Stored data
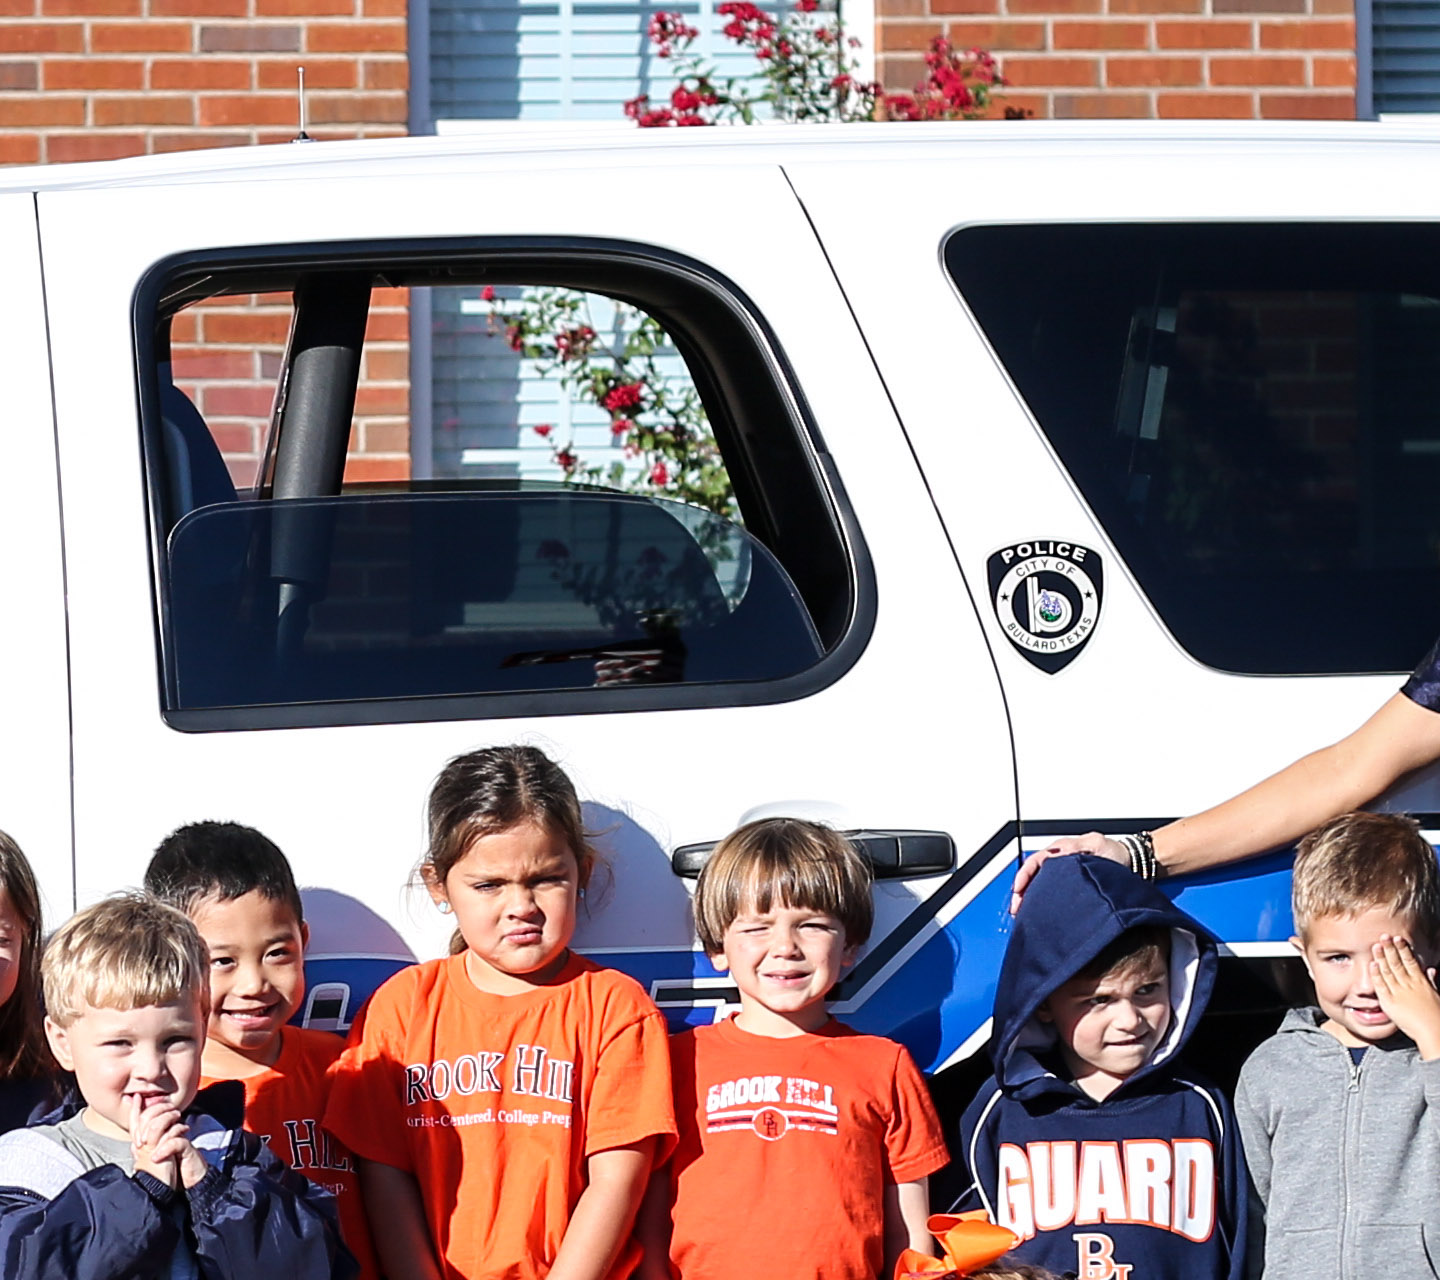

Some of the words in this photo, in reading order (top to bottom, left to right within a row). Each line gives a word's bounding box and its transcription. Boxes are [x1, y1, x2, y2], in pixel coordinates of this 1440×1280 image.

[1001, 541, 1087, 564] POLICE
[1015, 559, 1049, 577] CITY
[1055, 561, 1076, 575] OF
[1007, 622, 1058, 650] BULLARD
[1058, 617, 1092, 648] TEXAS
[405, 1051, 505, 1106] ROOK
[512, 1044, 576, 1105] HIL
[706, 1075, 783, 1113] BROOK
[785, 1076, 839, 1115] HILL
[997, 1138, 1216, 1251] GUARD

**Required work:**
Return the records above verbatim, images excluded.

**Answer below:**
Some of the words in this photo, in reading order (top to bottom, left to right within a row). Each line gives a word's bounding box and its transcription. Boxes are [x1, y1, x2, y2], in pixel coordinates of this 1440×1280 image.

[1001, 541, 1087, 564] POLICE
[1015, 559, 1049, 577] CITY
[1055, 561, 1076, 575] OF
[1007, 622, 1058, 650] BULLARD
[1058, 617, 1092, 648] TEXAS
[405, 1051, 505, 1106] ROOK
[512, 1044, 576, 1105] HIL
[706, 1075, 783, 1113] BROOK
[785, 1076, 839, 1115] HILL
[997, 1138, 1216, 1251] GUARD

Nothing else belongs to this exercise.